TYPE A LINEAR LED TUBES

Type A Lamps are a fluorescent ballast compatible lamp with exceptions. These exceptions are expansive, in fact almost every manufacturer suggests consulting their list of compatibilities before installing LED T8 tubes. We have found that there are even scenarios where the LED lamp product is not compatible with ballasts from the same manufacturer.

The benefits of this type are that they come in different wattages and beam angles, and lumen output for this type can be controlled by the existing ballast: Low Power (LP), Normal Power (NP), and High Power (HP). Most often, these lamps are installed as a simple “relamp” project, but it is important to consider the age of your ballasts when choosing this type. If you intend to change ballasts the week after you install these LED lamps, that may undermine the goals and objectives of your project. Whether or not type A is going to be the best solution for your project depends greatly on your maintenance story.

TYPE B LINEAR LED TUBES

Type B lamps are a direct wire lamp, the most dangerous of the three. This lamp requires the ballast to be removed and the sockets wired direct to line voltage. This system will also require an un-shunted socket, where terminals on the ballast are wired independently. Even though the fixtures are to be marked as having a direct wired lamp, the potential for an LED ballast or LED driver type lamp being installed is great. This will cause severe problems including lamp failure, sparking, even fires. Because you eliminate the need for a ballast, these lamps are chosen when trying to maximize maintenance savings, but safety must be part of the overall consideration to choose a lamp of this type. We have shared a quick video that demonstrates how easily this fire hazard can occur

TYPE c LINEAR LED TUBES

Type C Lamps are an LED lamp with a fixture mounted driver, the drivers are now available with three different standard outputs as well as programmable for more or less output depending on the light levels required. The Type C lamp is also similar to an LED fixture, as you have a light engine and a separate driver.
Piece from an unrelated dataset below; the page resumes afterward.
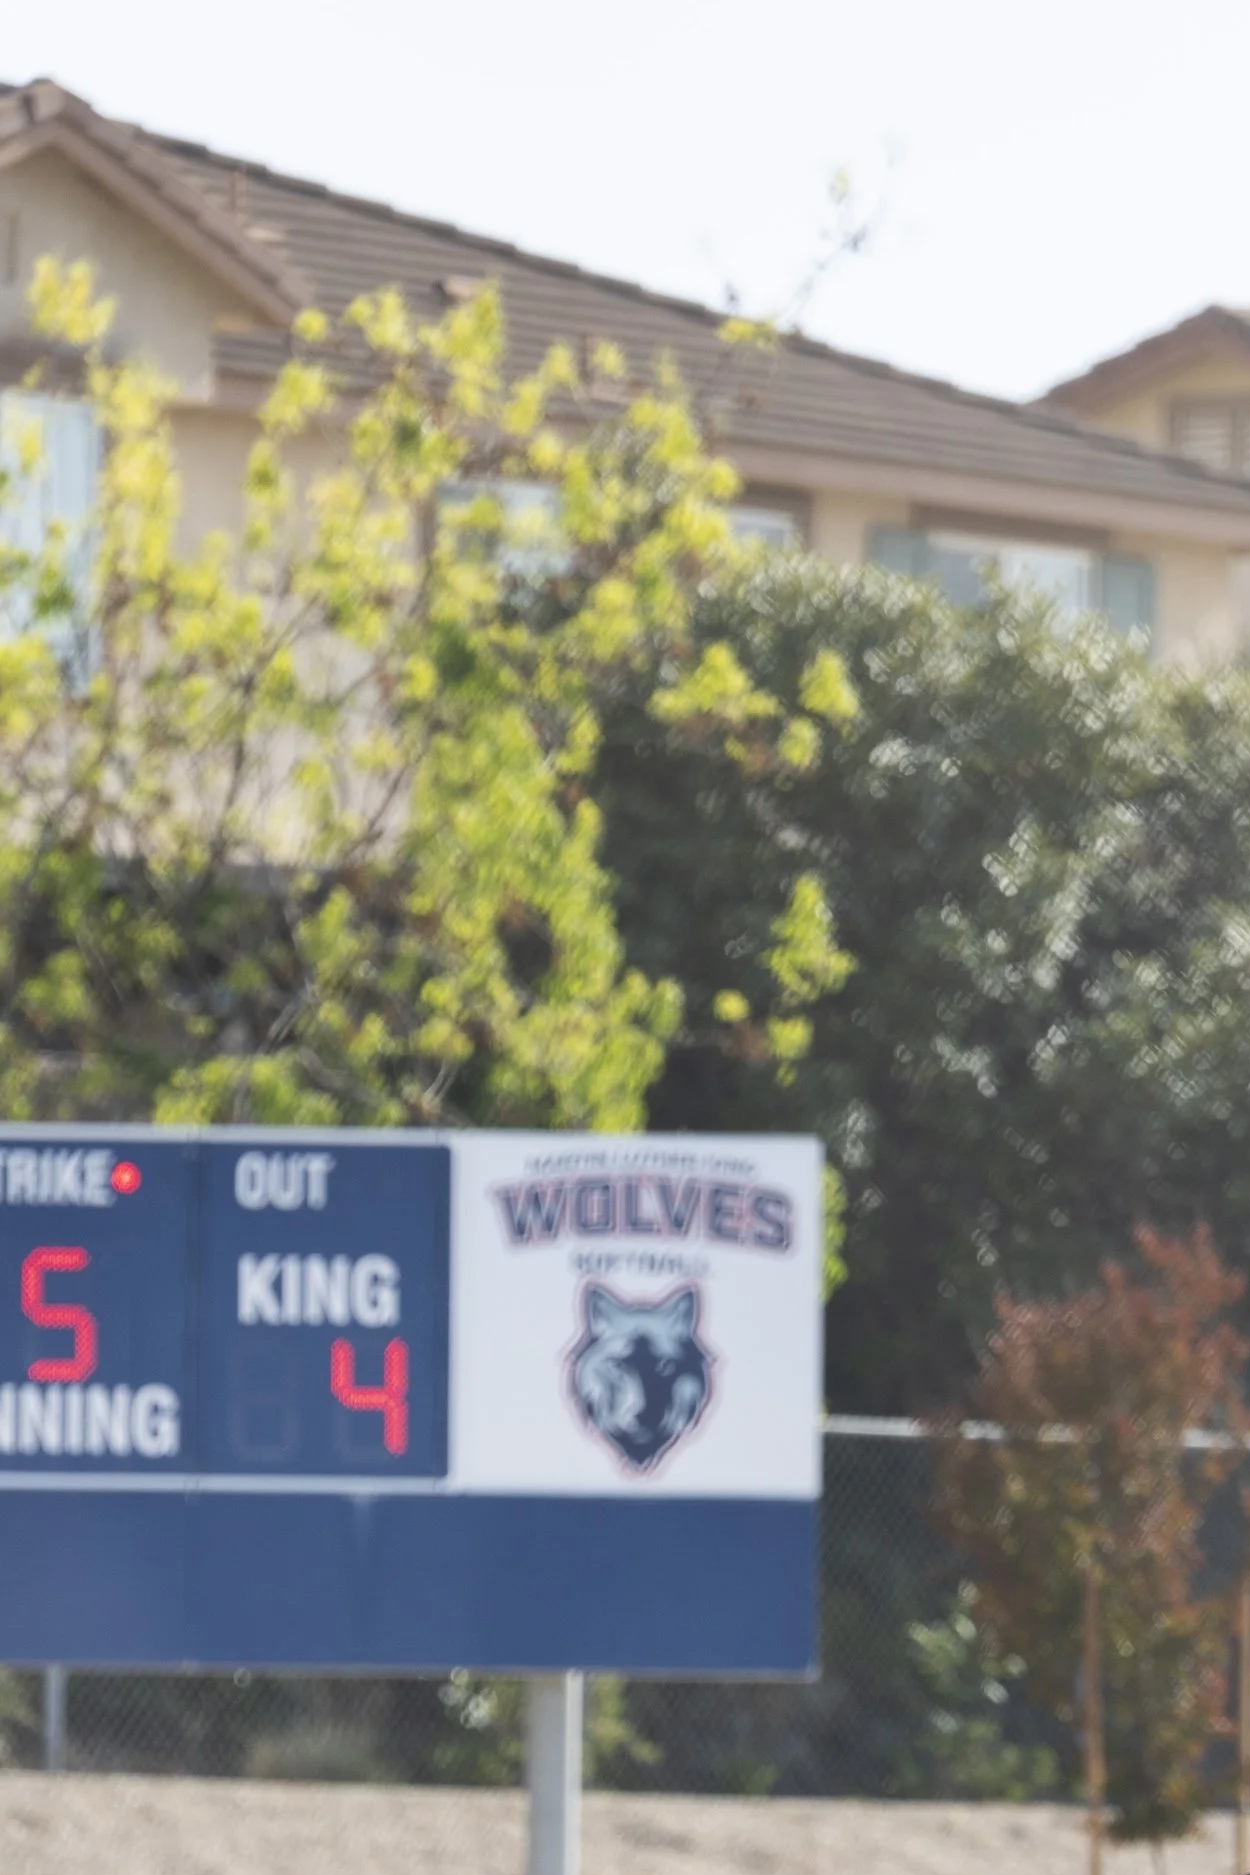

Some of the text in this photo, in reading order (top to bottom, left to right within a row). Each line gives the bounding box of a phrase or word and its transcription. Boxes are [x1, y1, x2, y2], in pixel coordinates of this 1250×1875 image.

These lamps aren’t considered nearly as often as they should be. They typically offer the longest life, and dimming capability that the others do not. The reason they’re not chosen as often is due to their higher price point. Total Cost of Owning a lighting system should be evaluated when considering whether these are affordable for your project. The type C lamp has just recently achieved controllability using different Mili-amp Drivers. The drivers are more expensive, but in some instances the will achieve a higher lamp life rating 60,000 versus 50,000 hours.

 

Curious about what a LED retrofit can do? Check out our collection of case studies!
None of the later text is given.